**Assignment:** Please repeat the records word for word and skip the pictures.

-------- Material to process --------

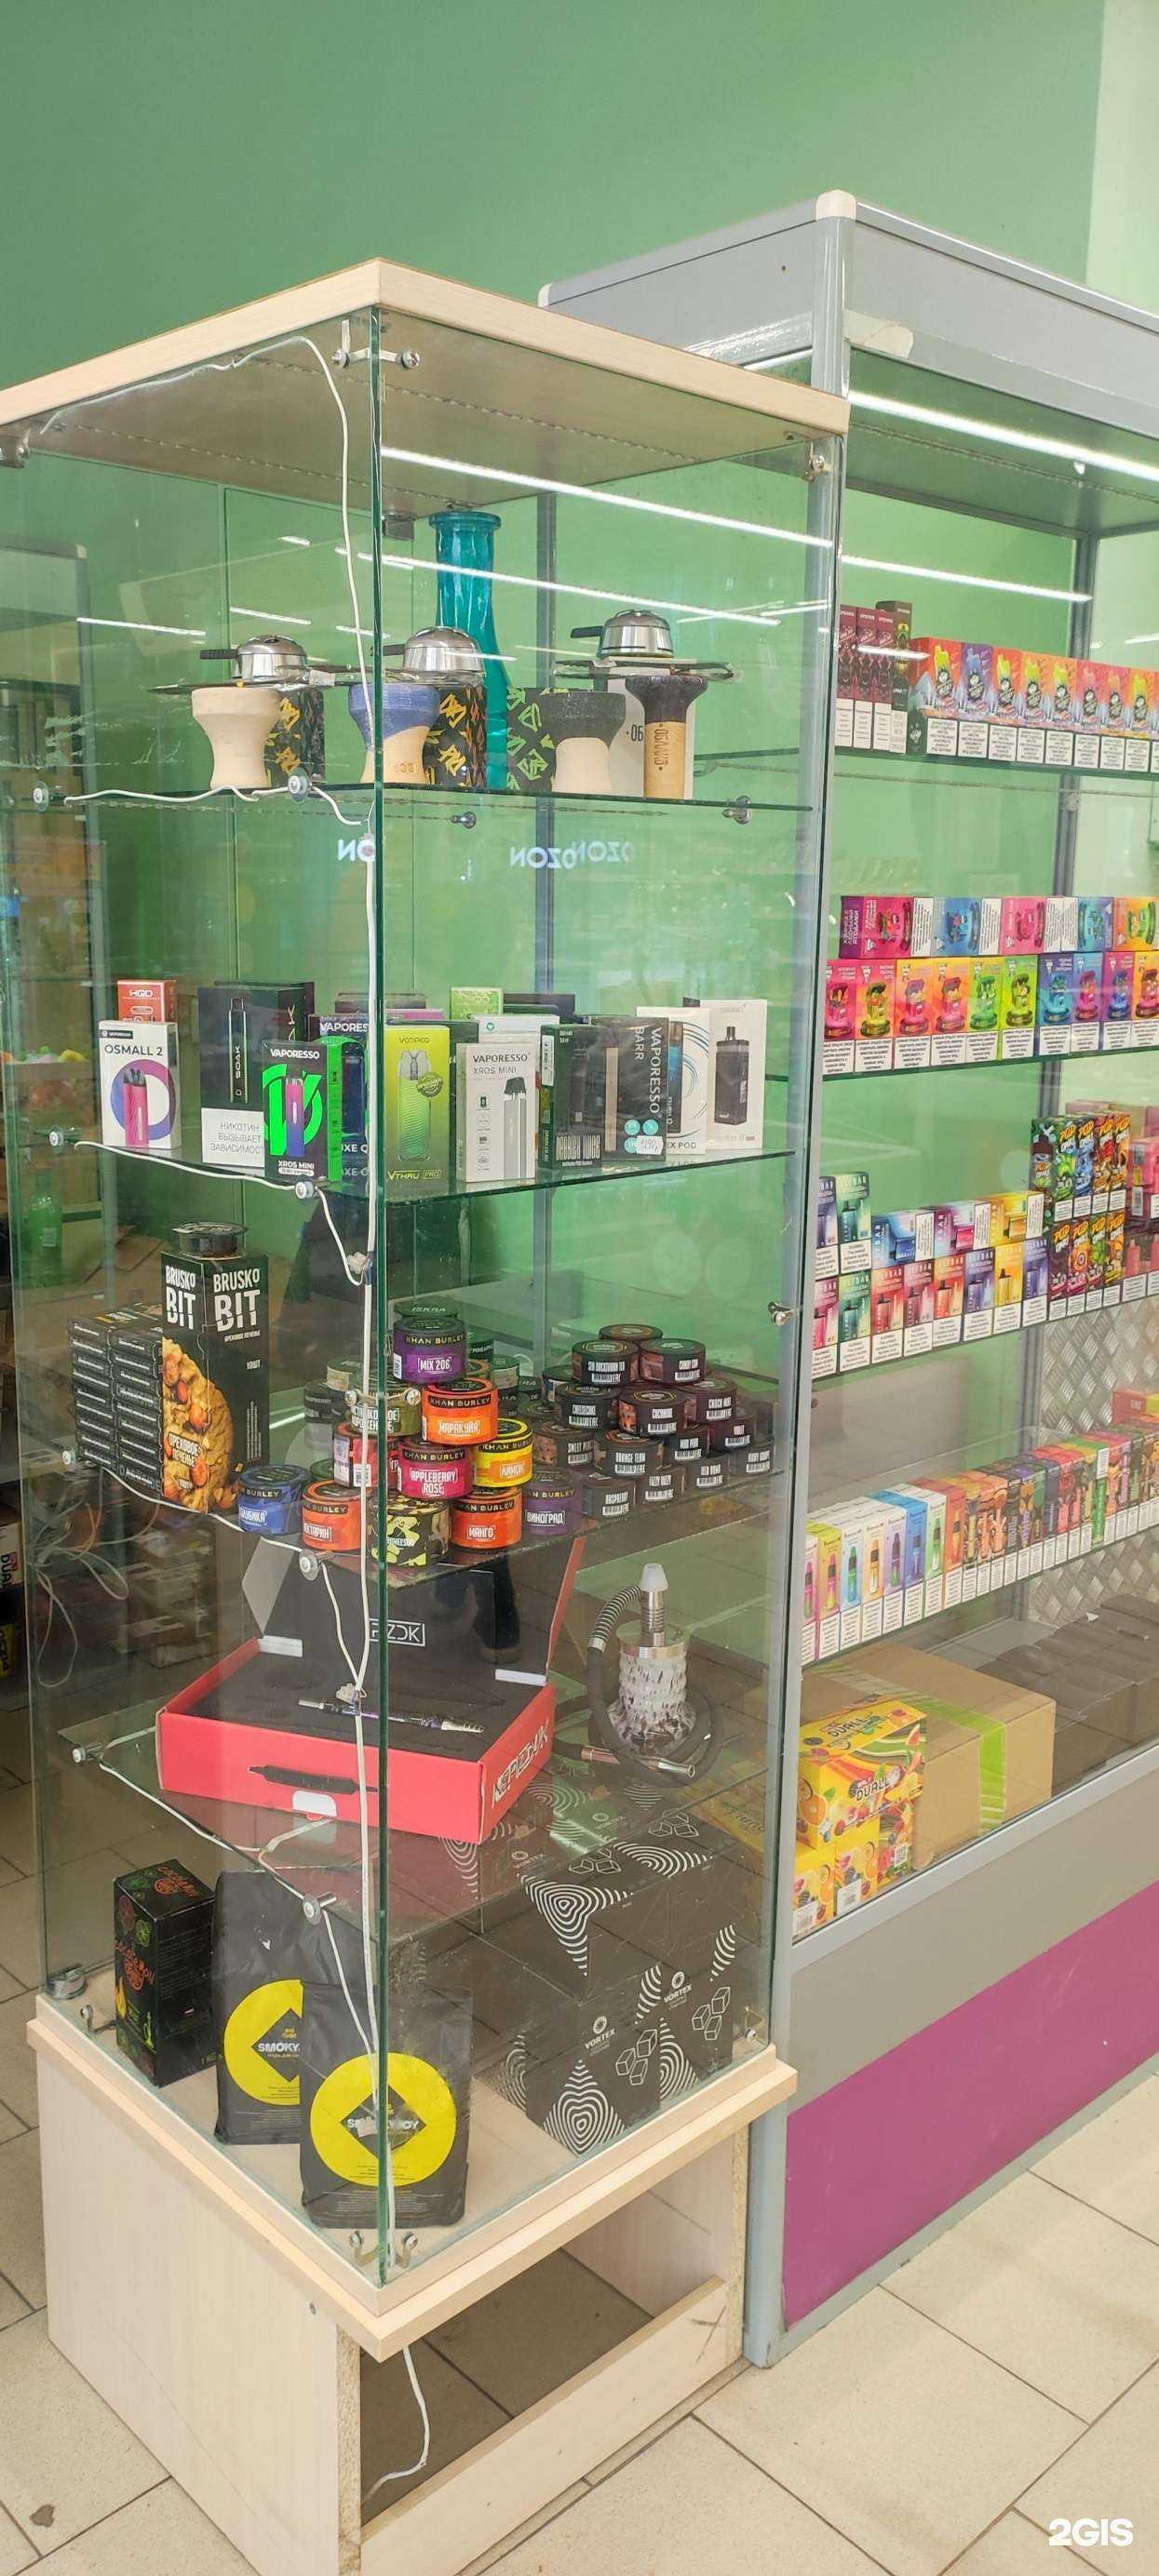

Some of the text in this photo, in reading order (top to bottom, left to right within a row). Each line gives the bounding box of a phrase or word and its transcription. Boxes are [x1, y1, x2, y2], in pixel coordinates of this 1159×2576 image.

[129, 989, 154, 999] HQD
[104, 1043, 164, 1056] OSMALL 2
[633, 1026, 645, 1061] BARR
[269, 1048, 320, 1060] VAPORESSO
[472, 1053, 528, 1065] VAPORESSO
[234, 1045, 242, 1080] SOAK
[473, 1065, 517, 1076] XROS MINI
[650, 1026, 663, 1114] VAPORESSO
[220, 1121, 260, 1132] НИКОТИН
[218, 1132, 262, 1144] ВЫЗЫВАЕТ
[678, 1140, 697, 1149] POD
[298, 1161, 315, 1171] MINI
[165, 1265, 196, 1291] BRUSKO
[212, 1268, 261, 1294] BRUSKO
[166, 1286, 196, 1330] BIT
[214, 1289, 261, 1333] BIT
[405, 1333, 465, 1345] KHAN BURLEY
[420, 1359, 434, 1371] MIX
[429, 1396, 492, 1408] KHAN BURLEY
[168, 1433, 199, 1457] ОРЕХОВОЕ
[430, 1449, 465, 1462] BURLEY
[410, 1469, 457, 1483] APPLEBERRY
[246, 1487, 279, 1497] BURLEY
[422, 1482, 444, 1495] ROSE
[541, 1488, 575, 1499] BURLEY
[312, 1504, 347, 1513] BURLEY
[479, 1500, 514, 1512] BURLEY
[526, 1510, 565, 1524] ВИНОГРАД
[468, 1525, 494, 1538] МАНГО
[856, 1776, 892, 1802] DUALL
[663, 1983, 693, 2004] VORTEX
[584, 2027, 615, 2049] VORTEX

--------

**Reply to the exercise:**
Some of the text in this photo, in reading order (top to bottom, left to right within a row). Each line gives the bounding box of a phrase or word and its transcription. Boxes are [x1, y1, x2, y2], in pixel coordinates of this 1159×2576 image.

[129, 989, 154, 999] HQD
[104, 1043, 164, 1056] OSMALL 2
[633, 1026, 645, 1061] BARR
[269, 1048, 320, 1060] VAPORESSO
[472, 1053, 528, 1065] VAPORESSO
[234, 1045, 242, 1080] SOAK
[473, 1065, 517, 1076] XROS MINI
[650, 1026, 663, 1114] VAPORESSO
[220, 1121, 260, 1132] НИКОТИН
[218, 1132, 262, 1144] ВЫЗЫВАЕТ
[678, 1140, 697, 1149] POD
[298, 1161, 315, 1171] MINI
[165, 1265, 196, 1291] BRUSKO
[212, 1268, 261, 1294] BRUSKO
[166, 1286, 196, 1330] BIT
[214, 1289, 261, 1333] BIT
[405, 1333, 465, 1345] KHAN BURLEY
[420, 1359, 434, 1371] MIX
[429, 1396, 492, 1408] KHAN BURLEY
[168, 1433, 199, 1457] ОРЕХОВОЕ
[430, 1449, 465, 1462] BURLEY
[410, 1469, 457, 1483] APPLEBERRY
[246, 1487, 279, 1497] BURLEY
[422, 1482, 444, 1495] ROSE
[541, 1488, 575, 1499] BURLEY
[312, 1504, 347, 1513] BURLEY
[479, 1500, 514, 1512] BURLEY
[526, 1510, 565, 1524] ВИНОГРАД
[468, 1525, 494, 1538] МАНГО
[856, 1776, 892, 1802] DUALL
[663, 1983, 693, 2004] VORTEX
[584, 2027, 615, 2049] VORTEX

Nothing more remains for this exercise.